§ **AIM OF THE EXERCISE**
When you transcribe the listing, keep each line exact and drop the pictures.

§ **DATA UNDER STUDY**
= = = = =

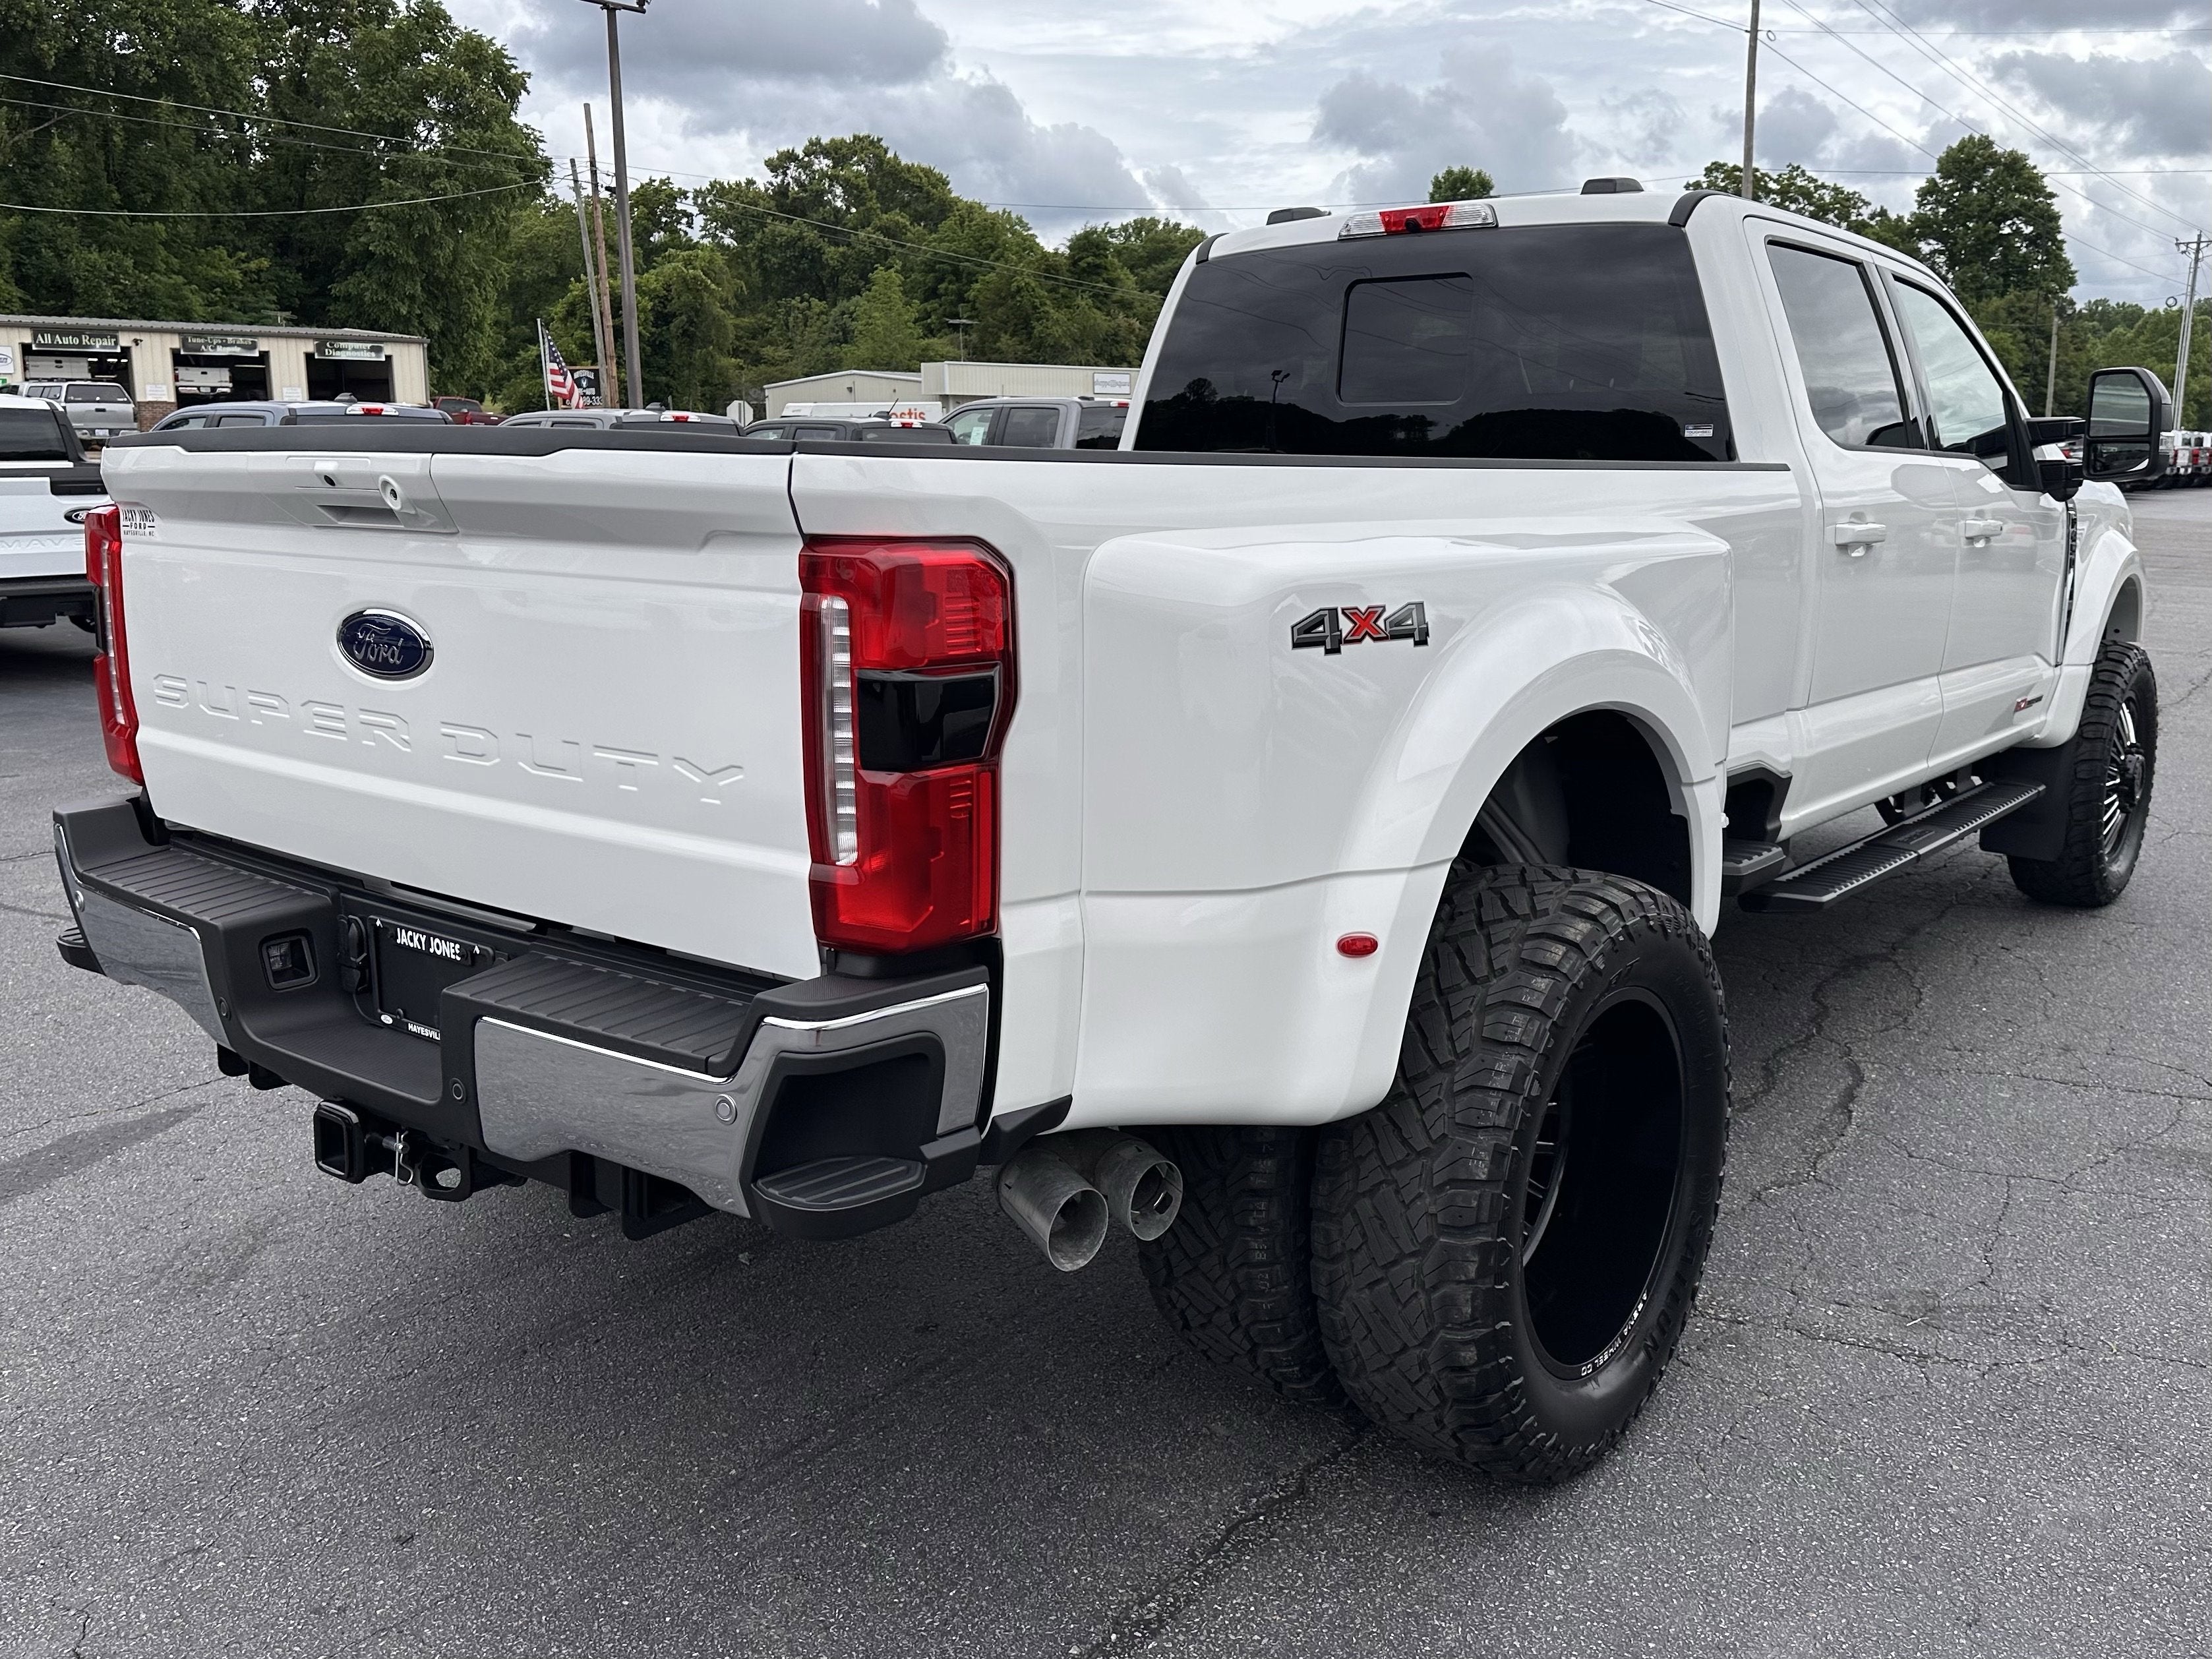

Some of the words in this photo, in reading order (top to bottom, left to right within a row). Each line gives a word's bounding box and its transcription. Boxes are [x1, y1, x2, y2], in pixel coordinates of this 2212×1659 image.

[36, 333, 51, 344] All
[54, 334, 79, 345] Auto
[82, 334, 117, 348] Repair
[326, 341, 371, 349] Computer
[324, 348, 376, 357] Diagnostics
[130, 522, 146, 530] FORD
[353, 622, 405, 665] Ford
[153, 673, 412, 753] SUPER
[439, 720, 745, 806] DUTY
[396, 927, 427, 951] JACKY
[429, 936, 462, 961] JONES
[1594, 1337, 1622, 1368] WHEEL
[1581, 1363, 1593, 1376] CO
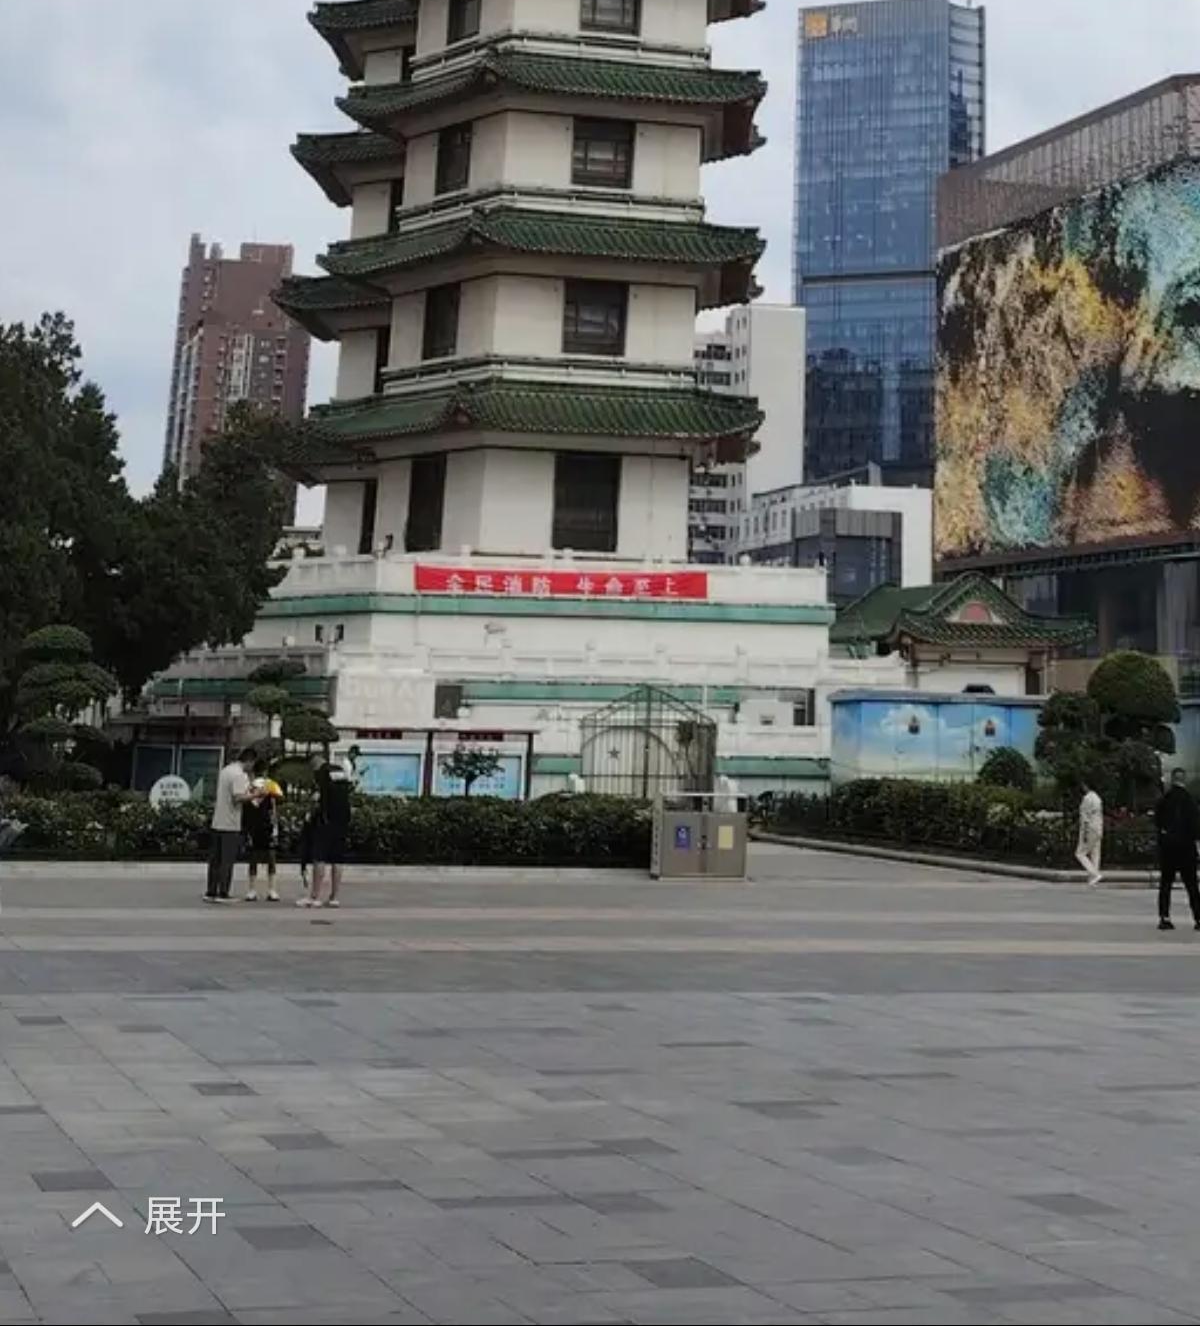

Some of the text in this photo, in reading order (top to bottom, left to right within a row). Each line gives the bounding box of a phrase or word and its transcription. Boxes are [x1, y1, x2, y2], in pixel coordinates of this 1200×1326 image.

[445, 572, 679, 597] 全民消防 生命至上
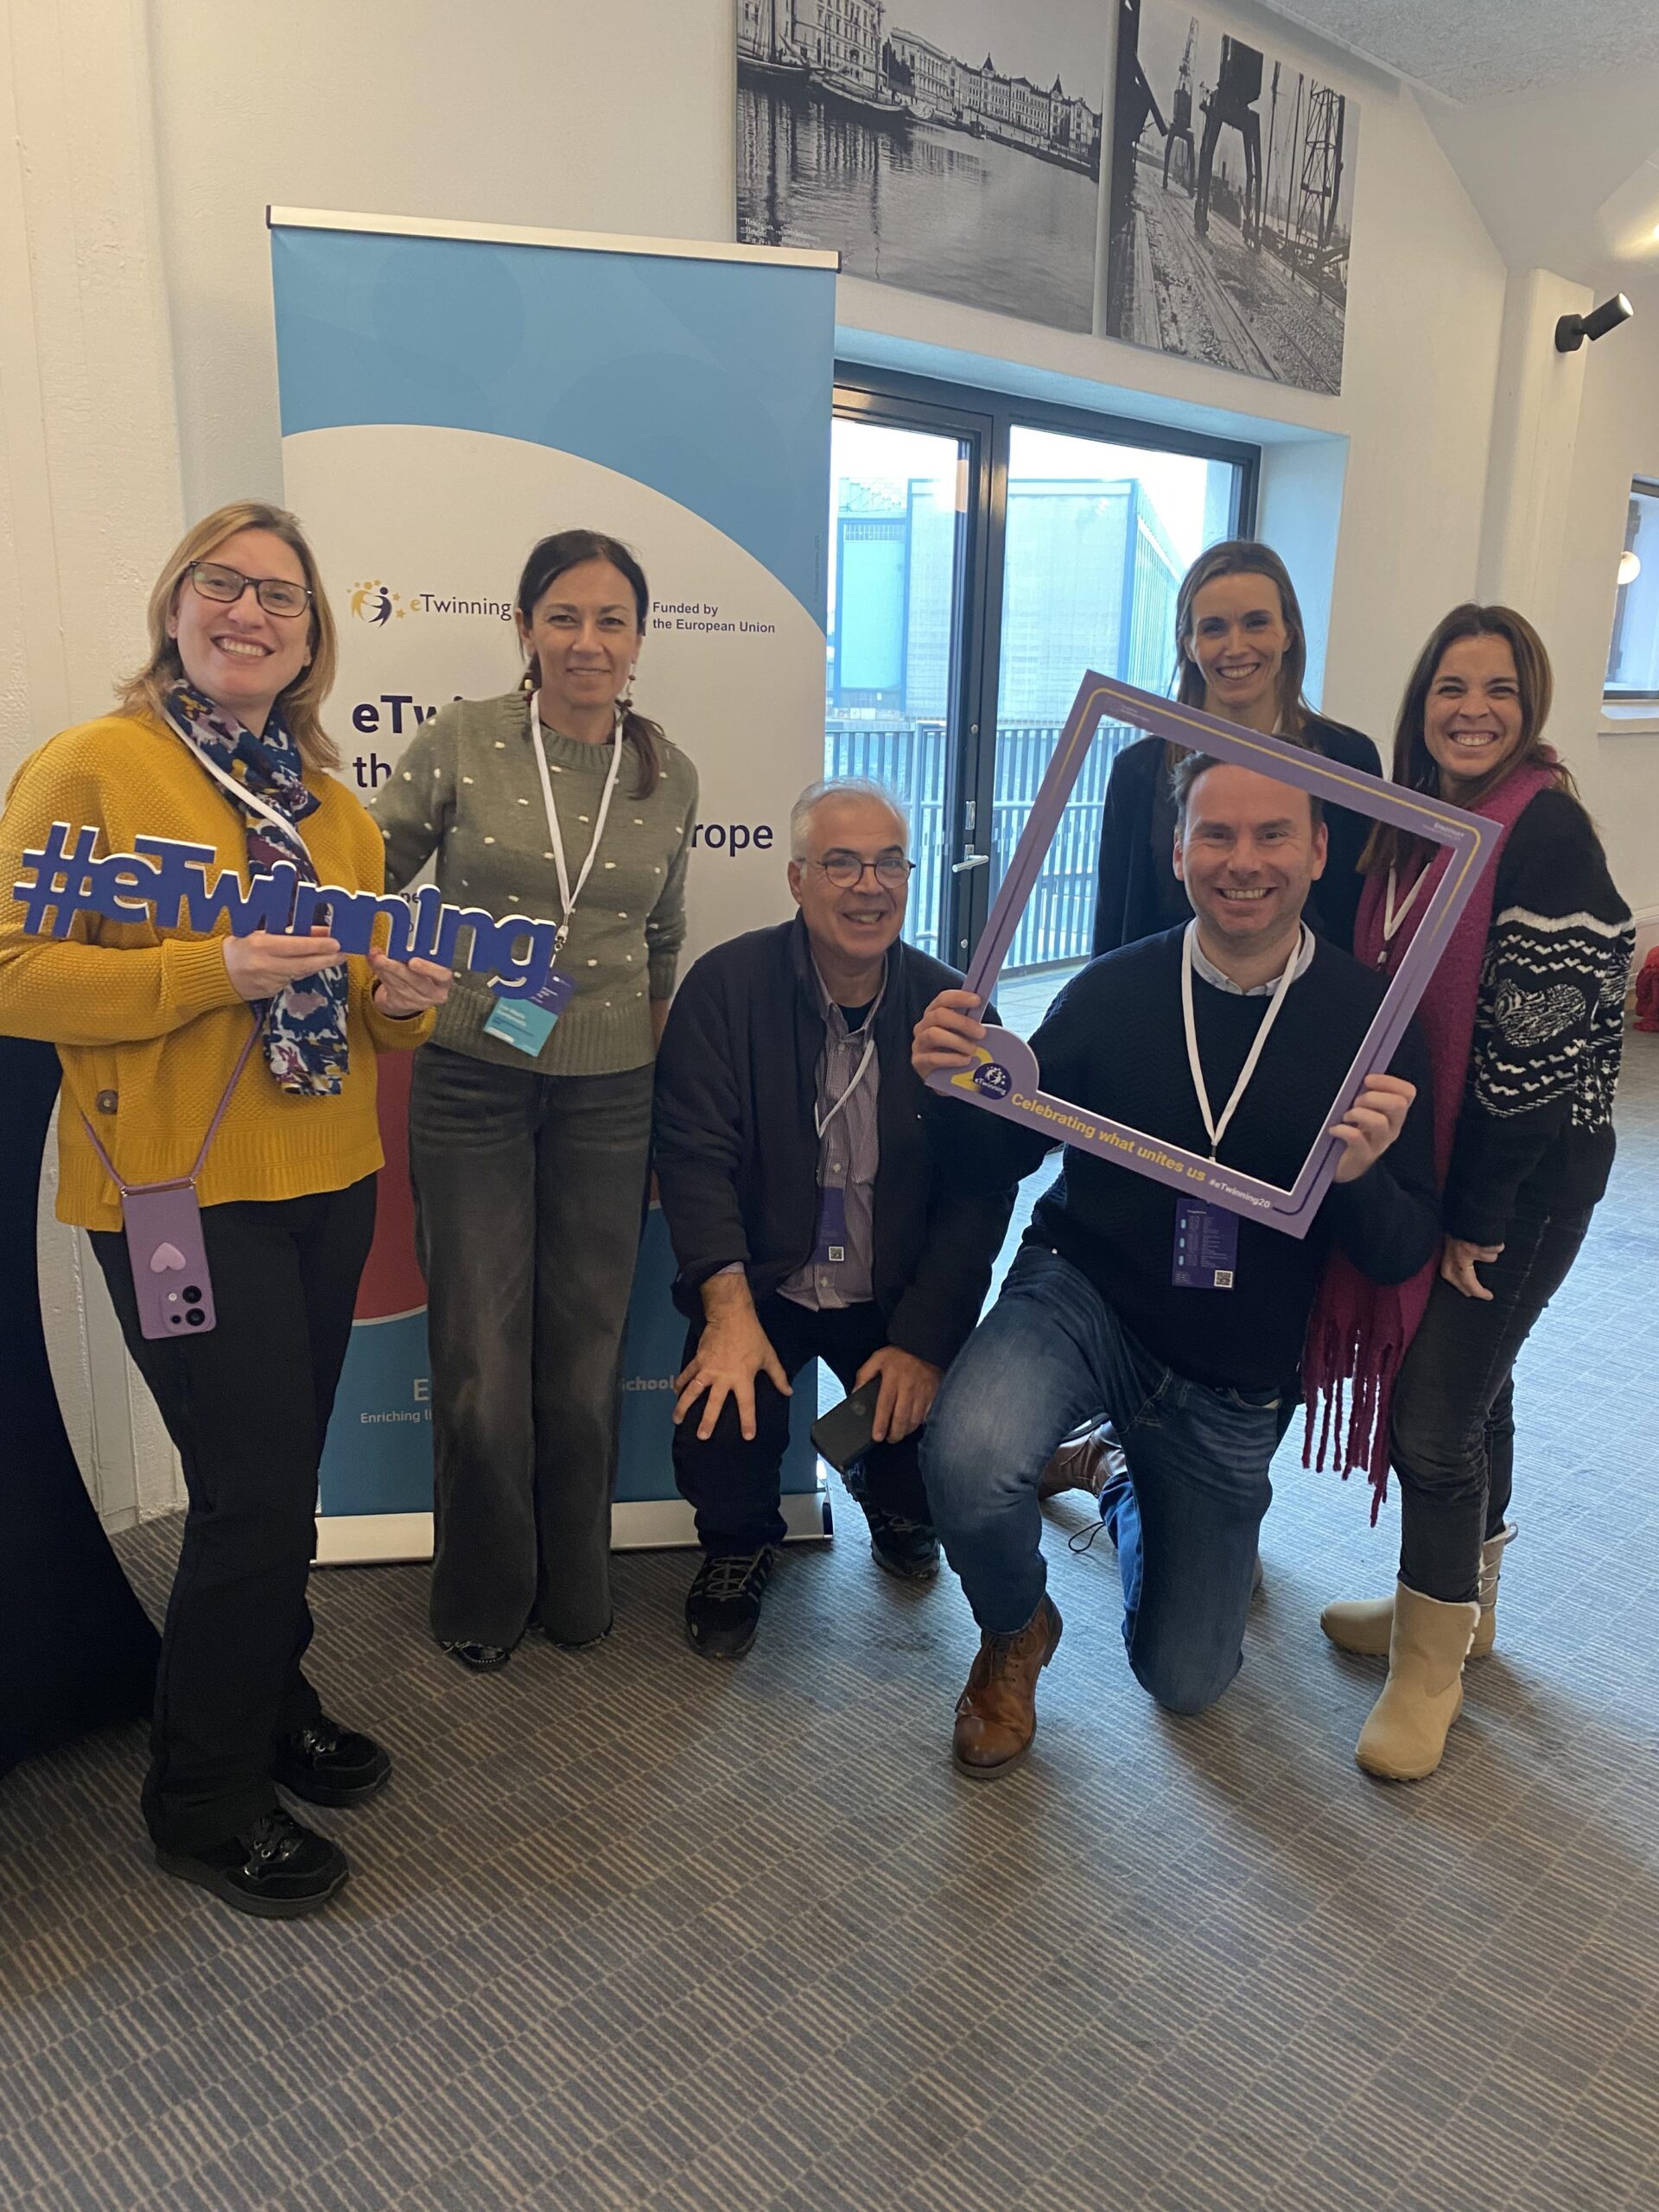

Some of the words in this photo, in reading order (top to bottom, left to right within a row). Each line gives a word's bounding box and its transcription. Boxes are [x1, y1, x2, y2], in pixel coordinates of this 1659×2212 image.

= = = = =

§ **ANSWER BOX**
Some of the words in this photo, in reading order (top to bottom, left to right within a row). Each line gives a word's bounding box and its transcription. Boxes are [x1, y1, x2, y2], in pixel coordinates of this 2212×1659 image.

[36, 333, 51, 344] All
[54, 334, 79, 345] Auto
[82, 334, 117, 348] Repair
[326, 341, 371, 349] Computer
[324, 348, 376, 357] Diagnostics
[130, 522, 146, 530] FORD
[353, 622, 405, 665] Ford
[153, 673, 412, 753] SUPER
[439, 720, 745, 806] DUTY
[396, 927, 427, 951] JACKY
[429, 936, 462, 961] JONES
[1594, 1337, 1622, 1368] WHEEL
[1581, 1363, 1593, 1376] CO

Some of the text in this photo, in reading order (top to bottom, left to right within a row). Each line gives the bounding box of a phrase or word and its transcription. Boxes are [x1, y1, x2, y2], in pixel coordinates of this 1200×1326 image.

[445, 572, 679, 597] 全民消防 生命至上

Some of the words in this photo, in reading order (top to bottom, left to right within a row). Each line gives a word's bounding box and its transcription. Boxes are [x1, y1, x2, y2], in pixel coordinates of this 1659×2212 image.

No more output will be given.